> _Activity_
Return the listing exactly as it appears, but strip out the images.

----------------------------------------

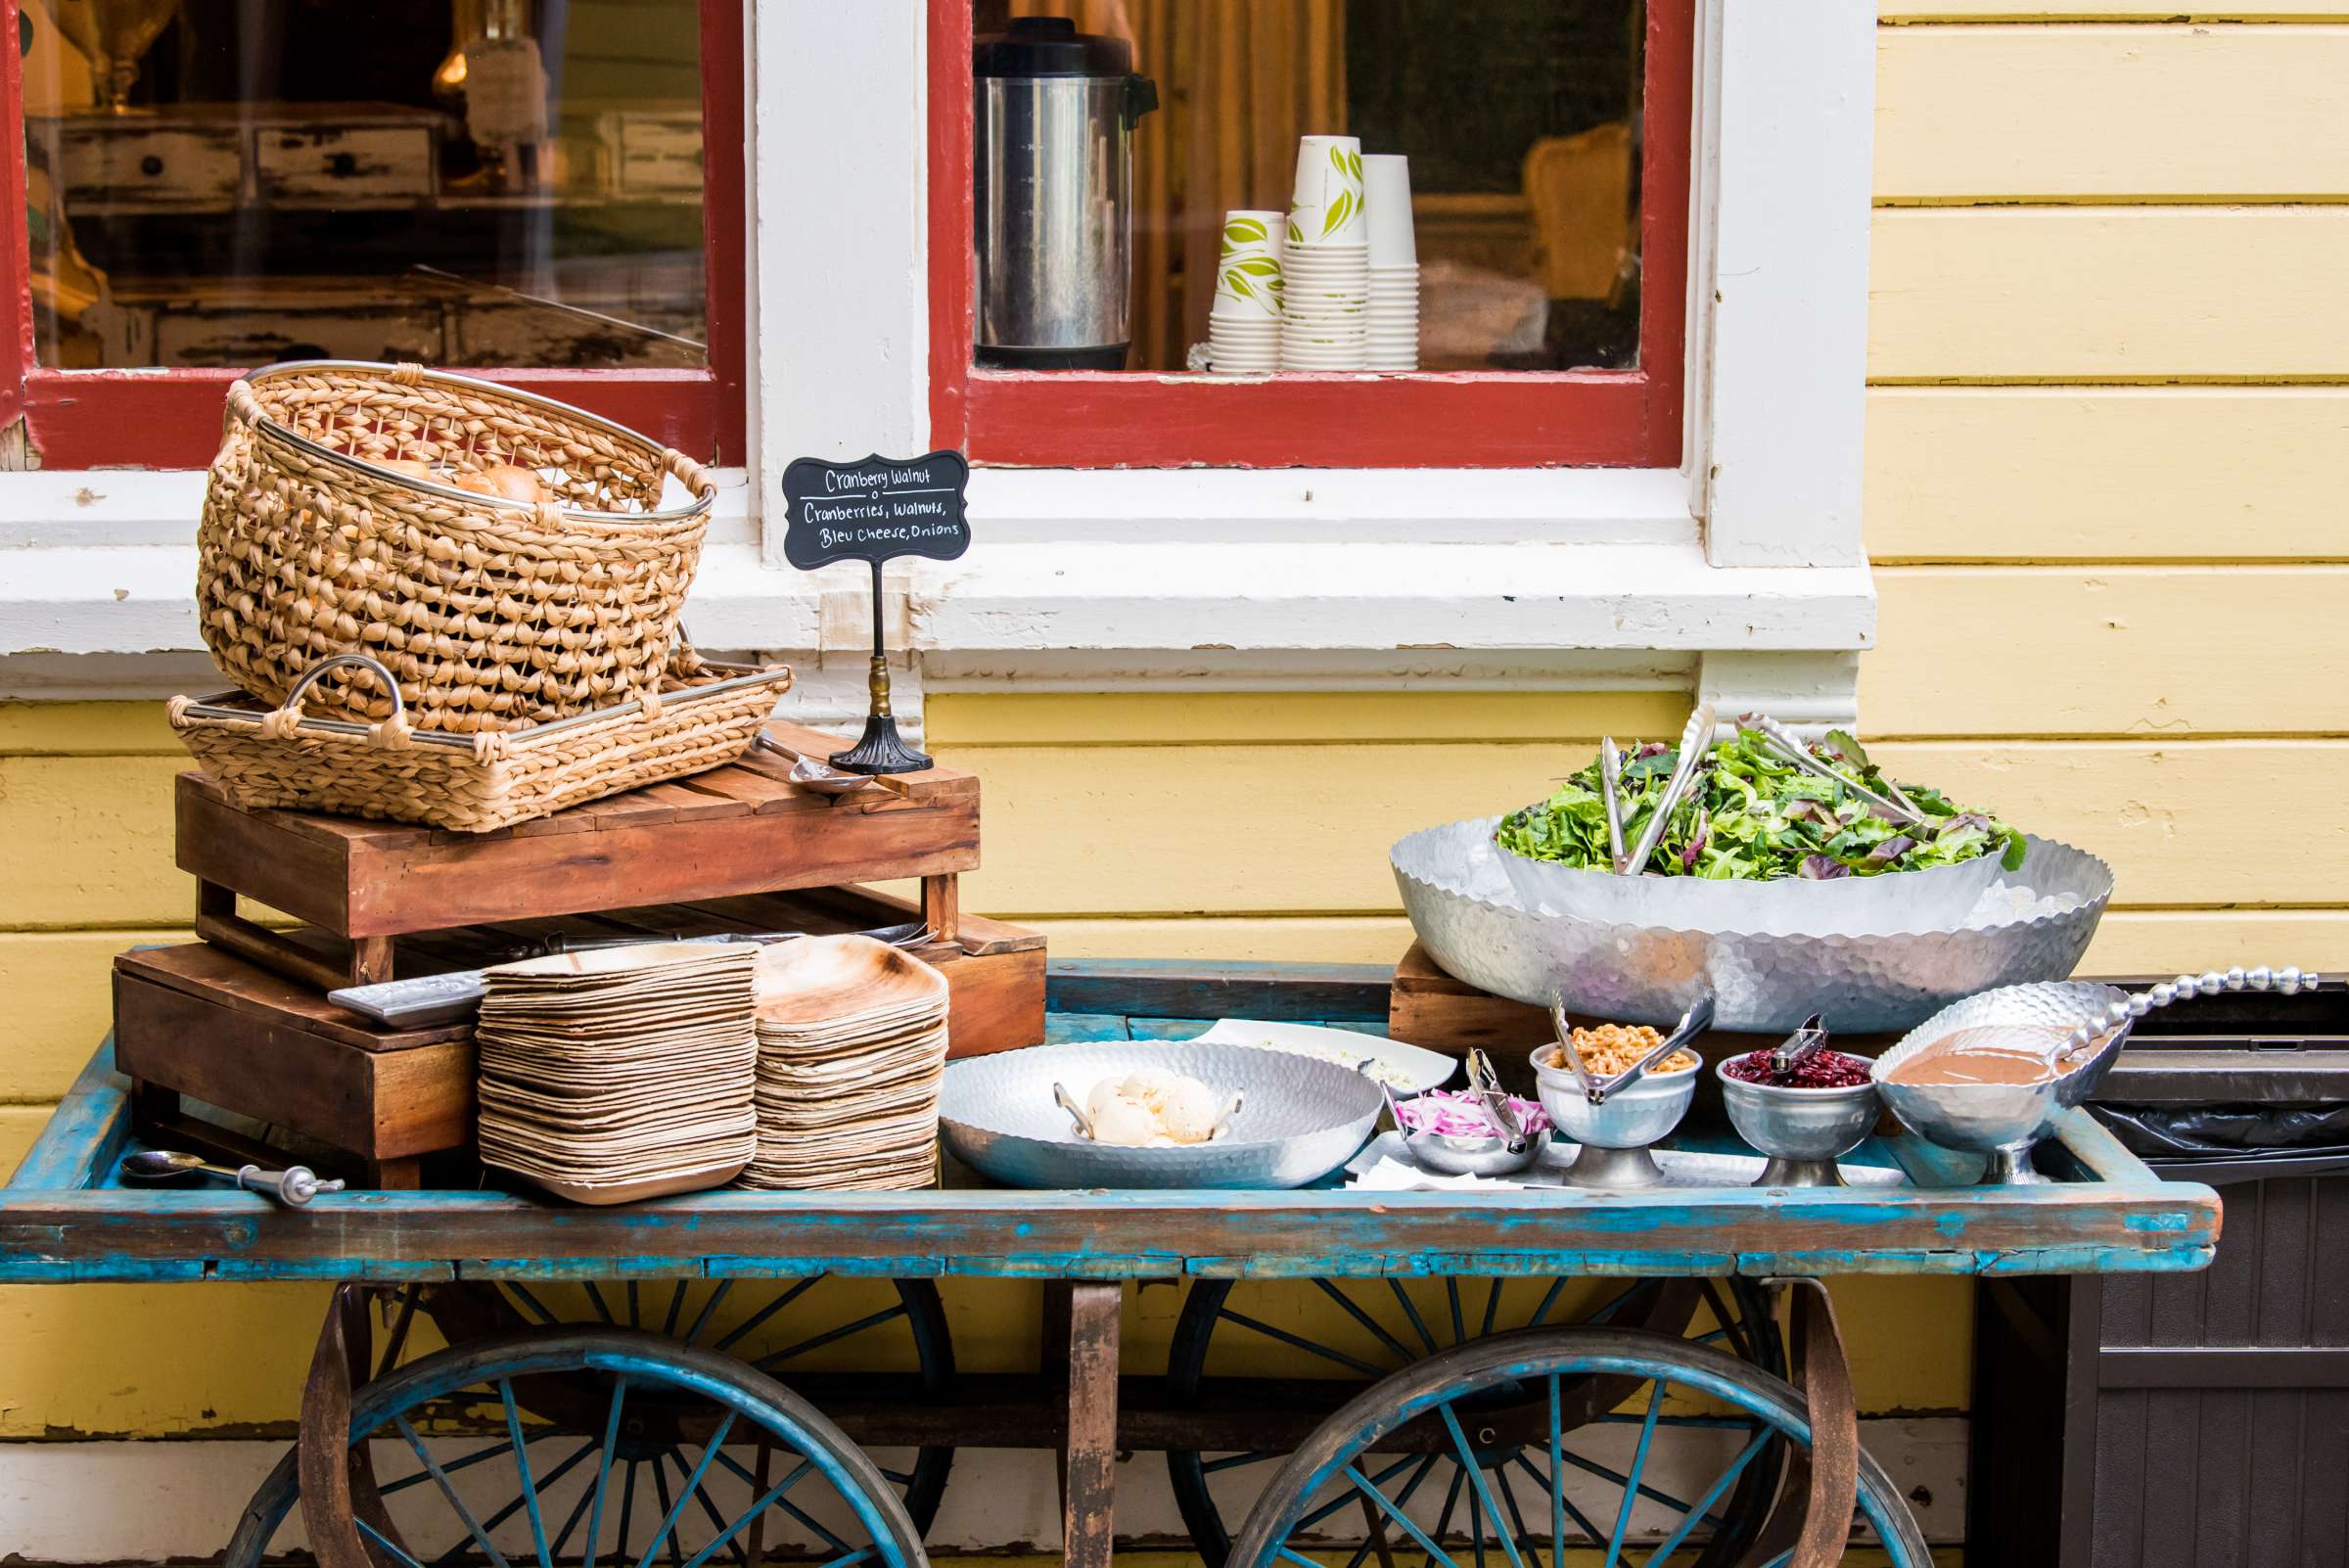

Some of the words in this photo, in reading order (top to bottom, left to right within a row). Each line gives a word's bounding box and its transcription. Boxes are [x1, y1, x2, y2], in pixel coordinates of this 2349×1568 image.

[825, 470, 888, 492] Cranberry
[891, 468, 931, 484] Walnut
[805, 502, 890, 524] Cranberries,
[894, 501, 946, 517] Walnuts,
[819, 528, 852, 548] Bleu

----------------------------------------

> _Written response_
Some of the words in this photo, in reading order (top to bottom, left to right within a row). Each line gives a word's bounding box and its transcription. Boxes are [x1, y1, x2, y2], in pixel coordinates of this 2349×1568 image.

[825, 470, 888, 492] Cranberry
[891, 468, 931, 484] Walnut
[805, 502, 890, 524] Cranberries,
[894, 501, 946, 517] Walnuts,
[819, 528, 852, 548] Bleu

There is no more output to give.